Informations générales
L'équipe du Pr Sébastien Lévesque est à la recherche d'une personne pour rejoindre son équipe dans le cadre d'un projet en génomique clinique financé par le ministère de la Santé et des Services Sociaux. Ce projet, intitulé « Optimisation de l'interprétation des données génomiques et le rendu clinique dans le réseau de la santé québécois grâce à une automatisation supervisée », vise à améliorer la plateforme bio-informatique de génomique clinique du Québec (CLIN). Le volet 2 du projet se concentre sur l'automatisation de l'interprétation des variations génétiques pour les maladies rares, en particulier par l'intégration et l'amélioration de notre outil bioinformatique PhenoVar de prédiction des diagnostics.
Responsabilités générales Qualifications Exigences Conditions de travail
- Développement et intégration d'outils :
- Contribuer à l'intégration de l'outil PhenoVar dans la plateforme CLIN.
- Développer des API et autres solutions techniques pour faciliter l'automatisation des processus.
- Adapter et améliorer PhenoVar3 en fonction des nouvelles recommandations de l'American College of Medical Genetics and Genomics et intégrer des outils de recherche dans la littérature.

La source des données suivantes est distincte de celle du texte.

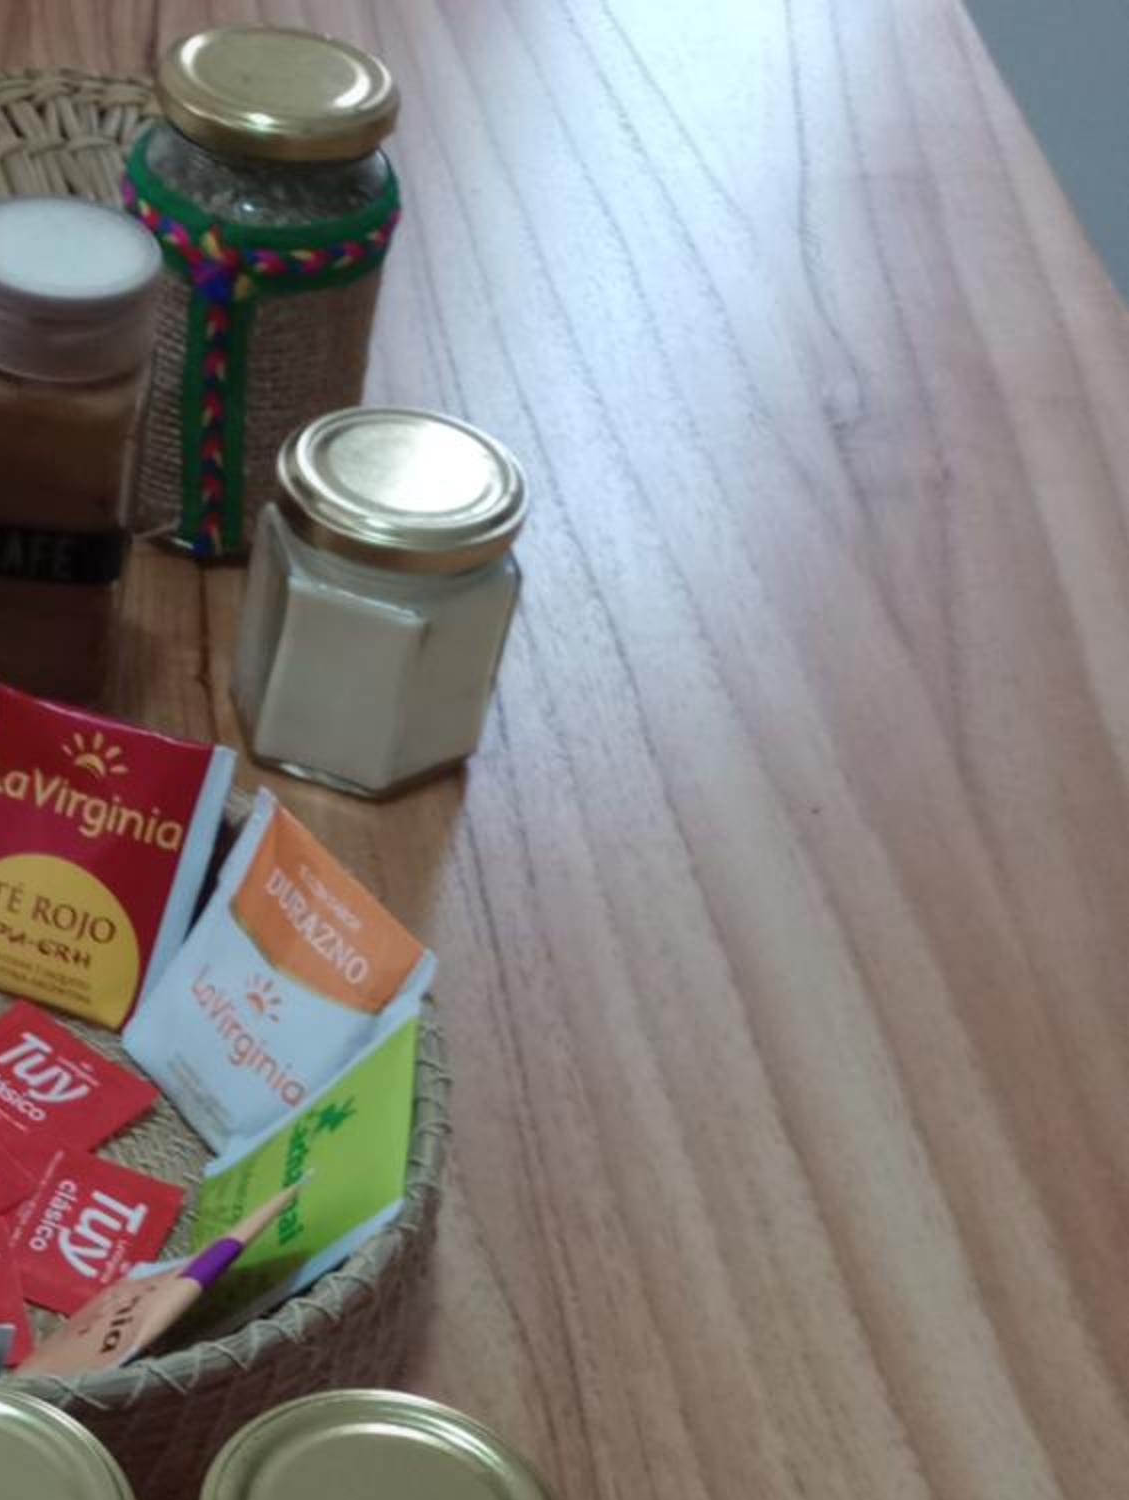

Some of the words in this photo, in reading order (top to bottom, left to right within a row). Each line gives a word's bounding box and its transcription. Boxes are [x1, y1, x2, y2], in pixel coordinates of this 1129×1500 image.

[31, 895, 117, 944] ROJO
[266, 868, 368, 985] DURAZNO
[59, 1190, 148, 1278] Tuy

- Validation à partir de données génomiques existantes :
- Valider le fonctionnement et la performance de PhenoVar une fois intégrer à la plateforme CLIN, comparativement aux autres outils de la plateforme CLIN, à partir de données génomiques standardisées avec diagnostic connus (benchmark).
- Amélioration continue :
- Travailler à l'amélioration des outils et des pipelines d'analyse en fonction des besoins du projet et des retours des utilisateurs.
- Intégrer de nouvelles fonctionnalités et améliorer les capacités de prédiction des outils.
- Documentation et communication :
- Documenter les processus, les analyses et les résultats de manière claire et concise.
- Communiquer régulièrement les progrès et les résultats du projet aux parties prenantes.
- Collaborer avec des équipes multidisciplinaires au CIUSSSE, et les partenaires au CHU Ste-Justine et au CHU de Québec.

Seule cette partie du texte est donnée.